• _Assignment_: Print the records below exactly. Omit every picture.

• _Given information_:
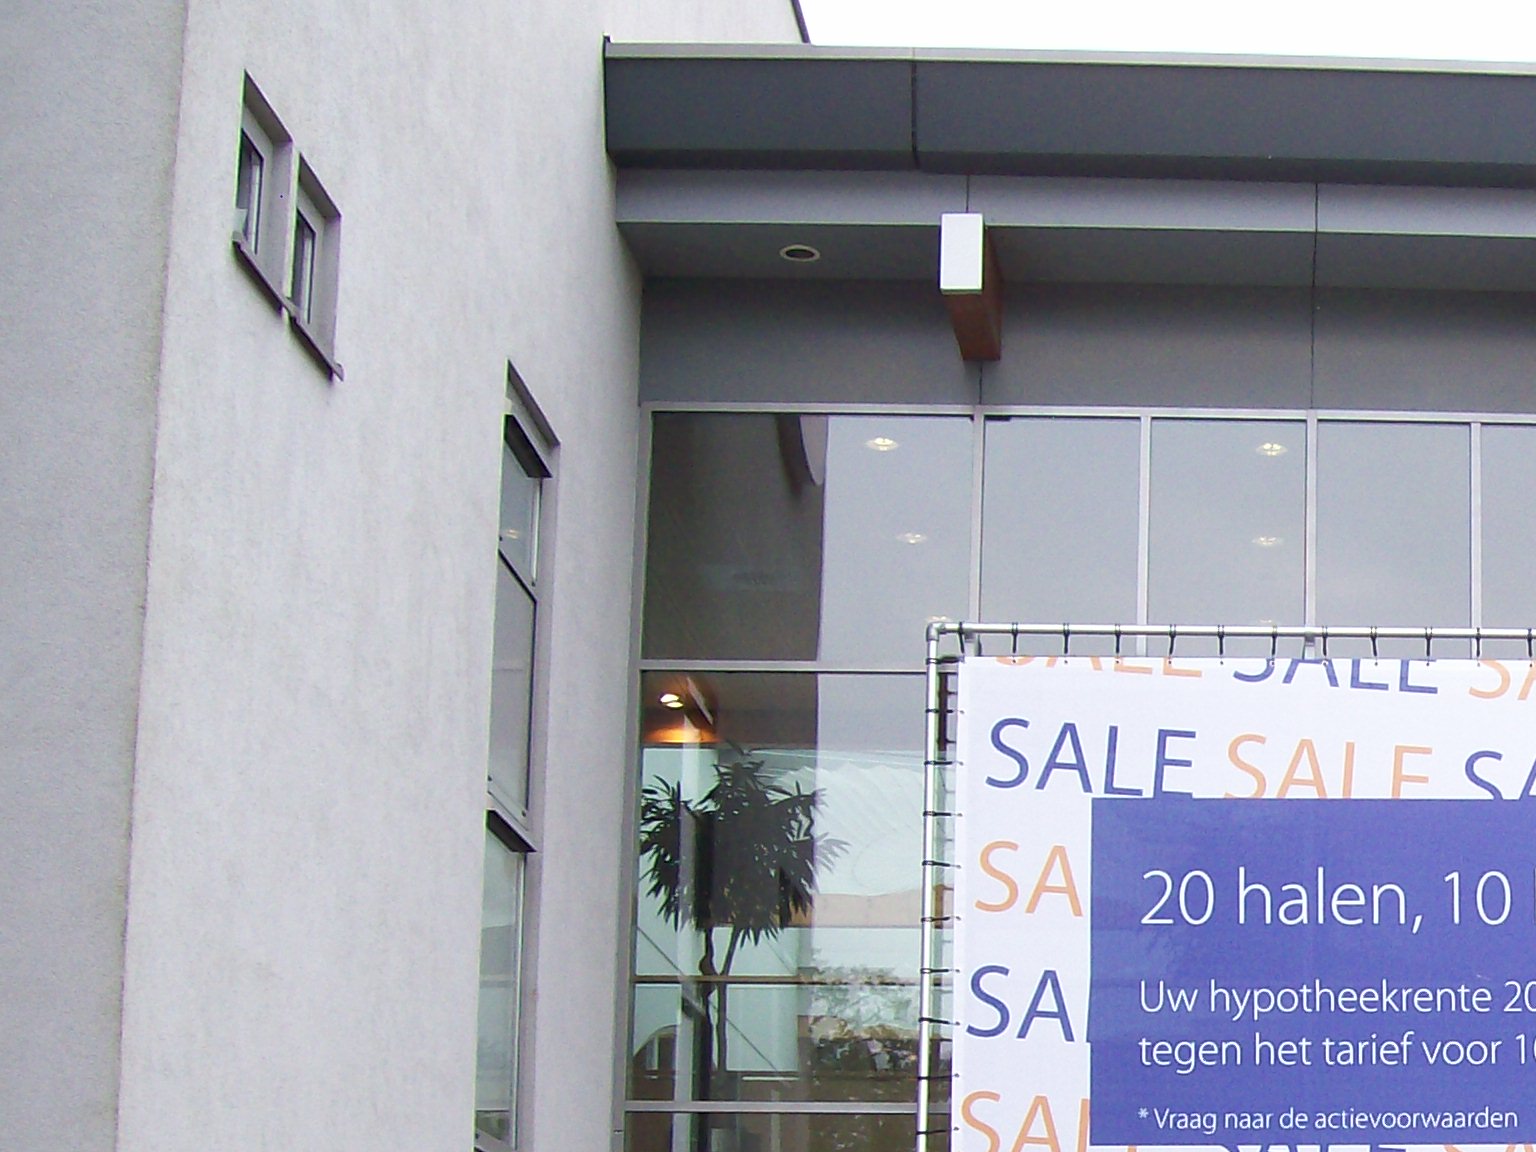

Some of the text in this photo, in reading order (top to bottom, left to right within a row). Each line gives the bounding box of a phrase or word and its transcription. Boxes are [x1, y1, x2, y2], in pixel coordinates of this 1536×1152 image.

[985, 718, 1197, 798] SALE
[1225, 733, 1433, 799] SALE
[1140, 869, 1215, 926] 20
[1238, 866, 1423, 935] halen,
[1444, 870, 1512, 926] 10
[966, 964, 1088, 1043] SA
[1140, 979, 1198, 1013] Uw
[1210, 978, 1493, 1022] hypotheekrente
[1138, 1036, 1241, 1075] tegen
[1255, 1031, 1313, 1066] het
[1321, 1030, 1415, 1066] tarief
[1421, 1038, 1503, 1066] voor
[1153, 1107, 1217, 1135] Vraag
[1224, 1111, 1274, 1130] naar
[1279, 1106, 1309, 1130] de
[1314, 1105, 1519, 1130] actievoorwaarden
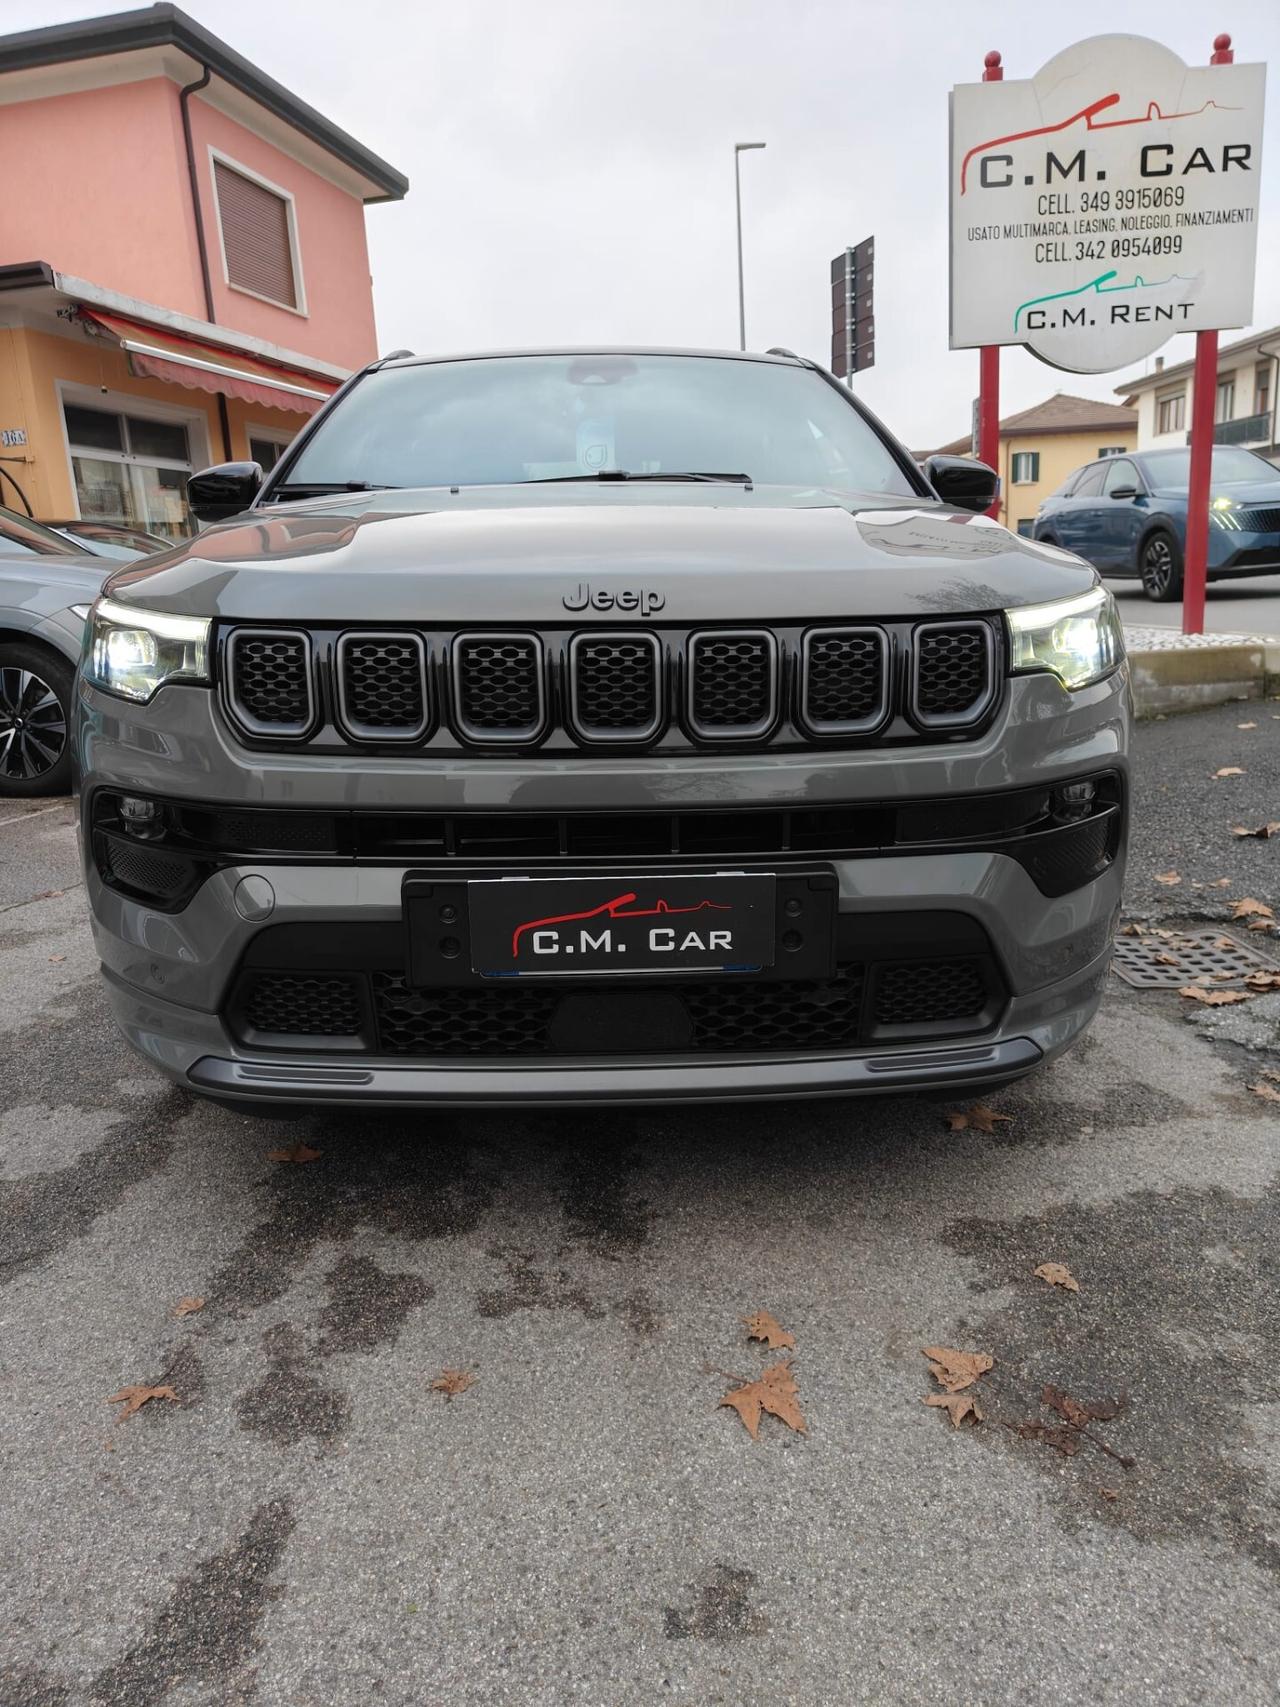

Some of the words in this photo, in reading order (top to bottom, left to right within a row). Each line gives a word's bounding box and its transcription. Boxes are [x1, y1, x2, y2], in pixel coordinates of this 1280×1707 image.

• _Exercise response_:
Some of the text in this photo, in reading order (top to bottom, left to right within a row). Each line gives the bounding box of a phrase or word and its transcription. Boxes are [x1, y1, x2, y2], in pixel coordinates of this 1536×1152 image.

[985, 718, 1197, 798] SALE
[1225, 733, 1433, 799] SALE
[1140, 869, 1215, 926] 20
[1238, 866, 1423, 935] halen,
[1444, 870, 1512, 926] 10
[966, 964, 1088, 1043] SA
[1140, 979, 1198, 1013] Uw
[1210, 978, 1493, 1022] hypotheekrente
[1138, 1036, 1241, 1075] tegen
[1255, 1031, 1313, 1066] het
[1321, 1030, 1415, 1066] tarief
[1421, 1038, 1503, 1066] voor
[1153, 1107, 1217, 1135] Vraag
[1224, 1111, 1274, 1130] naar
[1279, 1106, 1309, 1130] de
[1314, 1105, 1519, 1130] actievoorwaarden

Some of the words in this photo, in reading order (top to bottom, left to right within a row). Each line gives a word's bounding box and its transcription. Boxes are [x1, y1, x2, y2], in pixel coordinates of this 1280×1707 image.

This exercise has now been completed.